● **What to do**: The result should be a word-for-word retyping of the entries below, free of pictures.

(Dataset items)
•••

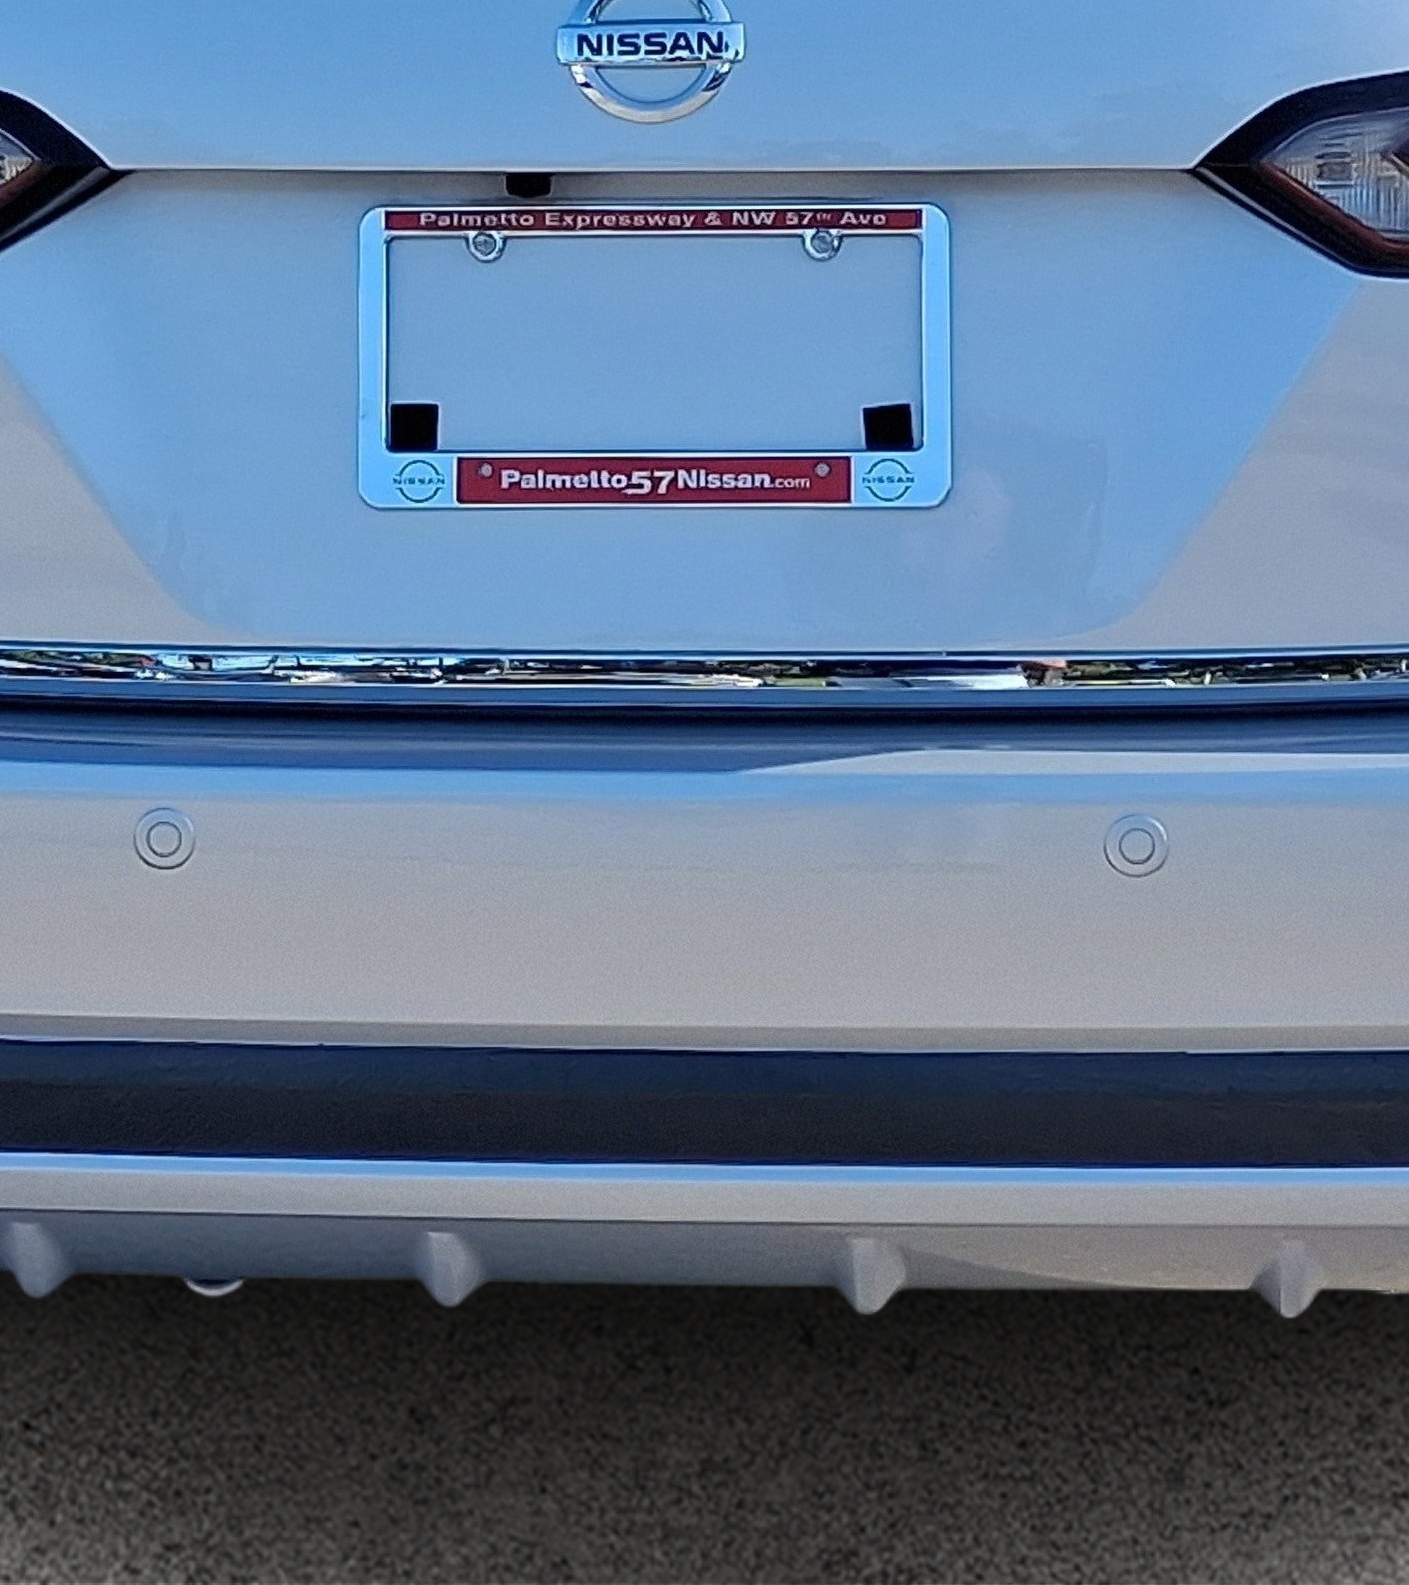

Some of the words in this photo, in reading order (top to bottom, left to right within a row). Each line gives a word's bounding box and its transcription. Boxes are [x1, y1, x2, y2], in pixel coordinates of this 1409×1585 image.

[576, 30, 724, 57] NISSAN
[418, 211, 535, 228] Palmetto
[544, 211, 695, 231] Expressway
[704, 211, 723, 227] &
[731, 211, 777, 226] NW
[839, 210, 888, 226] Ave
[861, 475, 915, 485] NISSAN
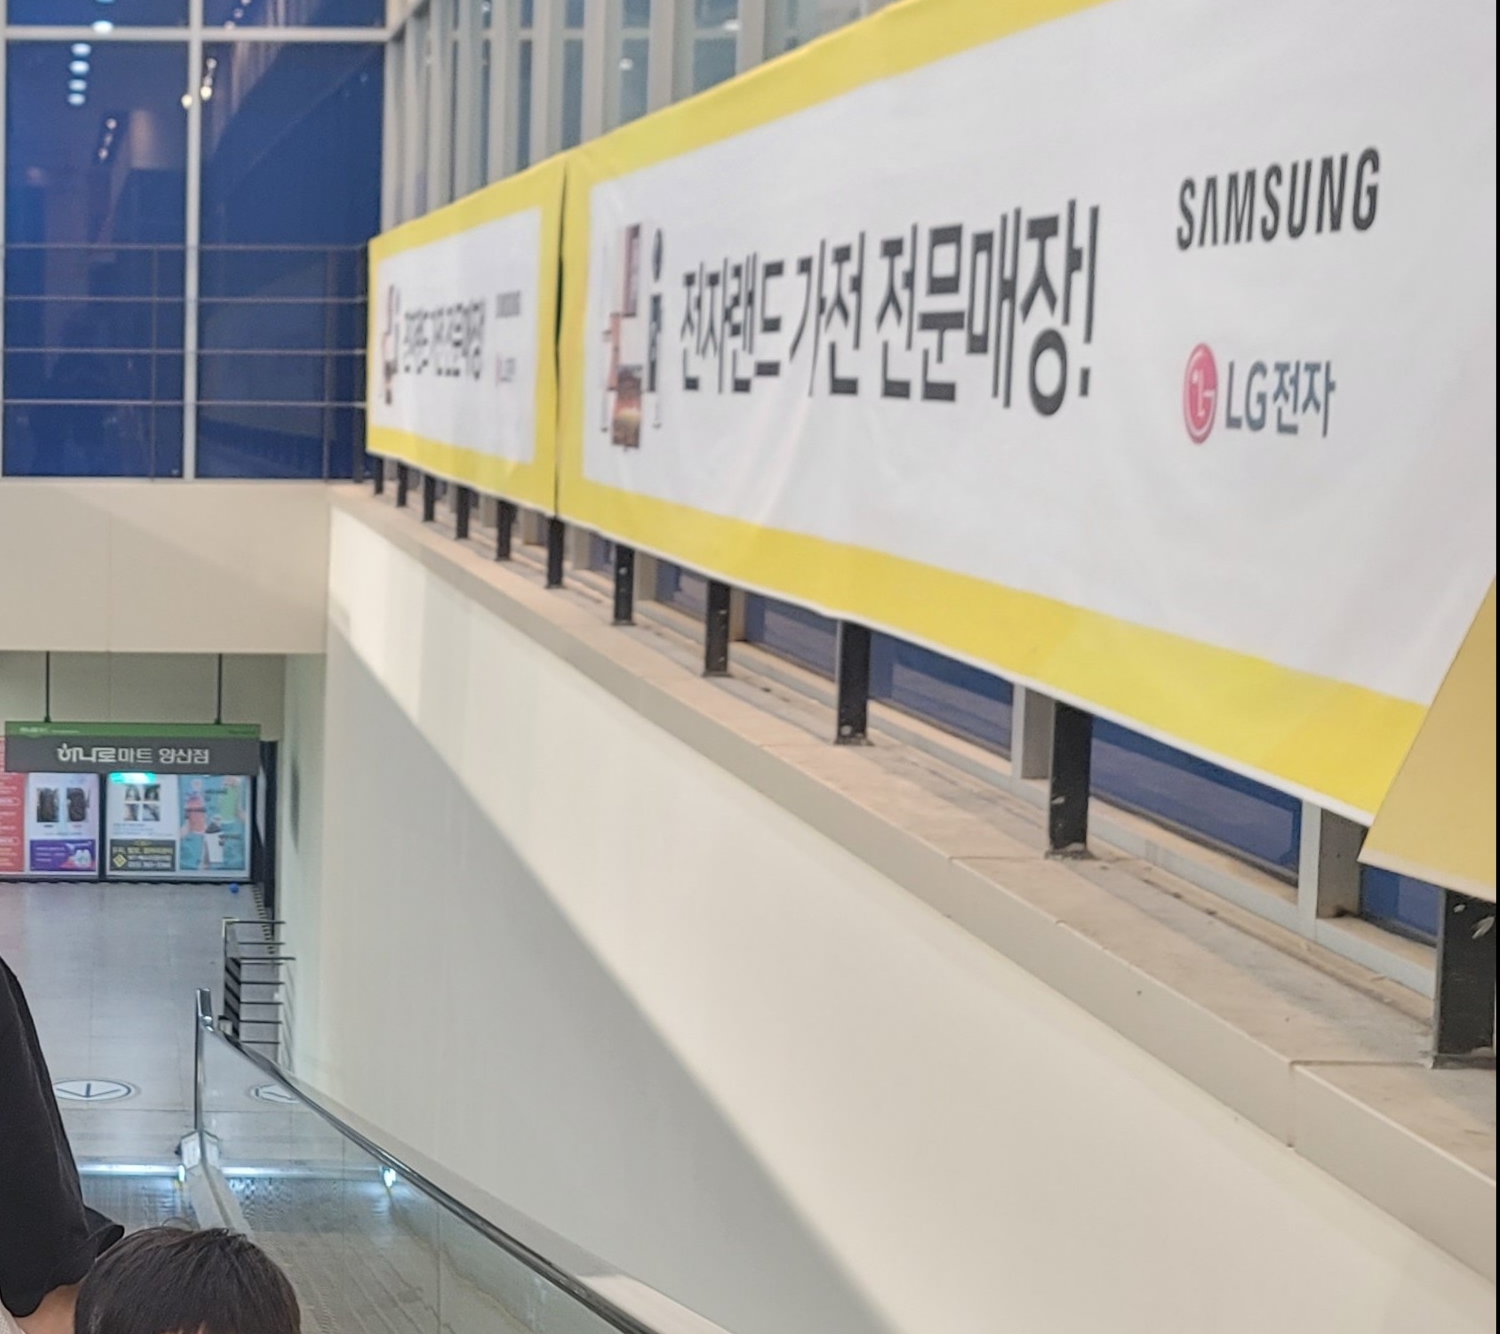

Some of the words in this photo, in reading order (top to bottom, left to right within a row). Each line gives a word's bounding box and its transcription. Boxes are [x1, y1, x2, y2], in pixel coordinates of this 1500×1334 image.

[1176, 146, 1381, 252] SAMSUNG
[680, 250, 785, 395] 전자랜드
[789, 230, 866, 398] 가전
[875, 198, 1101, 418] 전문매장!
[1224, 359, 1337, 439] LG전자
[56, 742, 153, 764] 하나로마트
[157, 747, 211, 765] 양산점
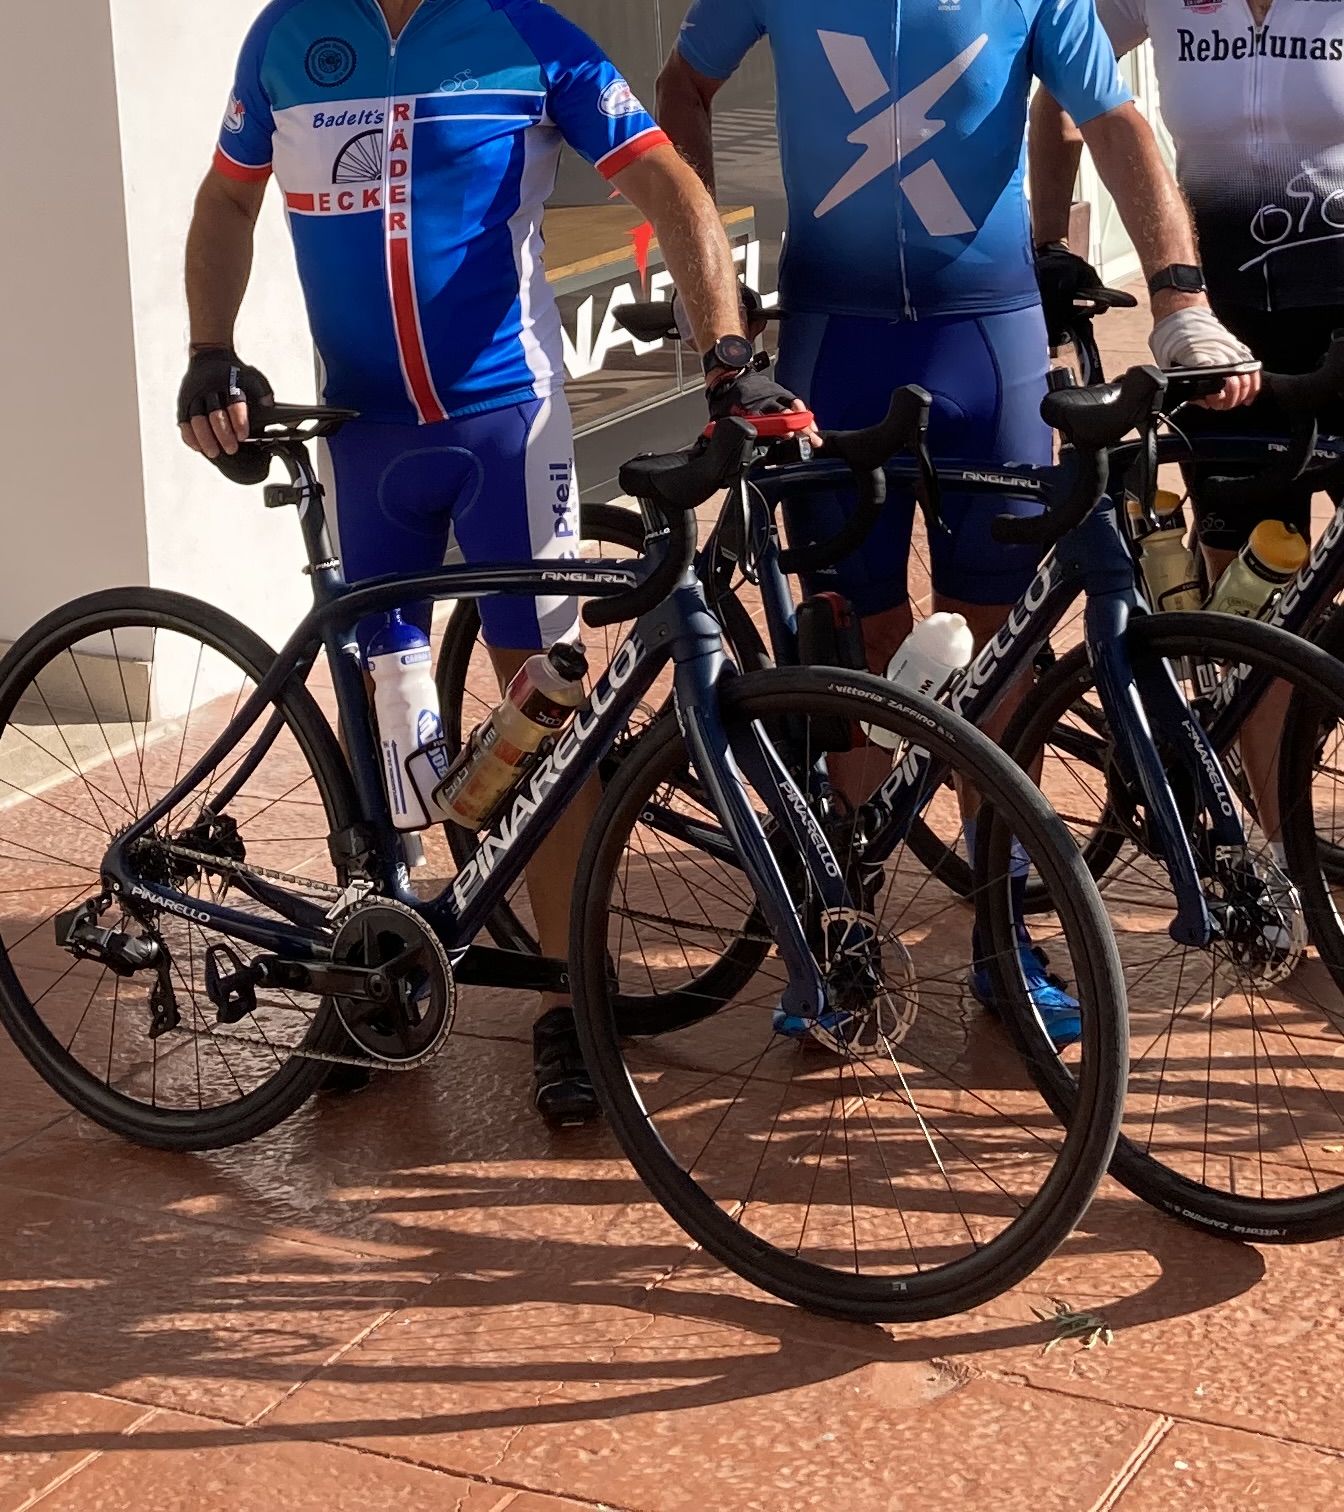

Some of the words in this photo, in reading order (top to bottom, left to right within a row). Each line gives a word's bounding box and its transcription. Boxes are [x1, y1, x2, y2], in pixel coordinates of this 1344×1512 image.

•••

● **Exercise answer**:
Some of the words in this photo, in reading order (top to bottom, left to right within a row). Each line gives a word's bounding box and its transcription. Boxes are [x1, y1, x2, y2], in pixel coordinates of this 1409×1585 image.

[576, 30, 724, 57] NISSAN
[418, 211, 535, 228] Palmetto
[544, 211, 695, 231] Expressway
[704, 211, 723, 227] &
[731, 211, 777, 226] NW
[839, 210, 888, 226] Ave
[861, 475, 915, 485] NISSAN

Some of the words in this photo, in reading order (top to bottom, left to right within a row). Each line gives a word's bounding box and its transcription. Boxes are [x1, y1, x2, y2], in pixel coordinates of this 1500×1334 image.

[1176, 146, 1381, 252] SAMSUNG
[680, 250, 785, 395] 전자랜드
[789, 230, 866, 398] 가전
[875, 198, 1101, 418] 전문매장!
[1224, 359, 1337, 439] LG전자
[56, 742, 153, 764] 하나로마트
[157, 747, 211, 765] 양산점

Some of the words in this photo, in reading order (top to bottom, left to right within a row). Each line gives a word's bounding box and its transcription. Boxes are [x1, y1, x2, y2], in pixel coordinates of this 1344×1512 image.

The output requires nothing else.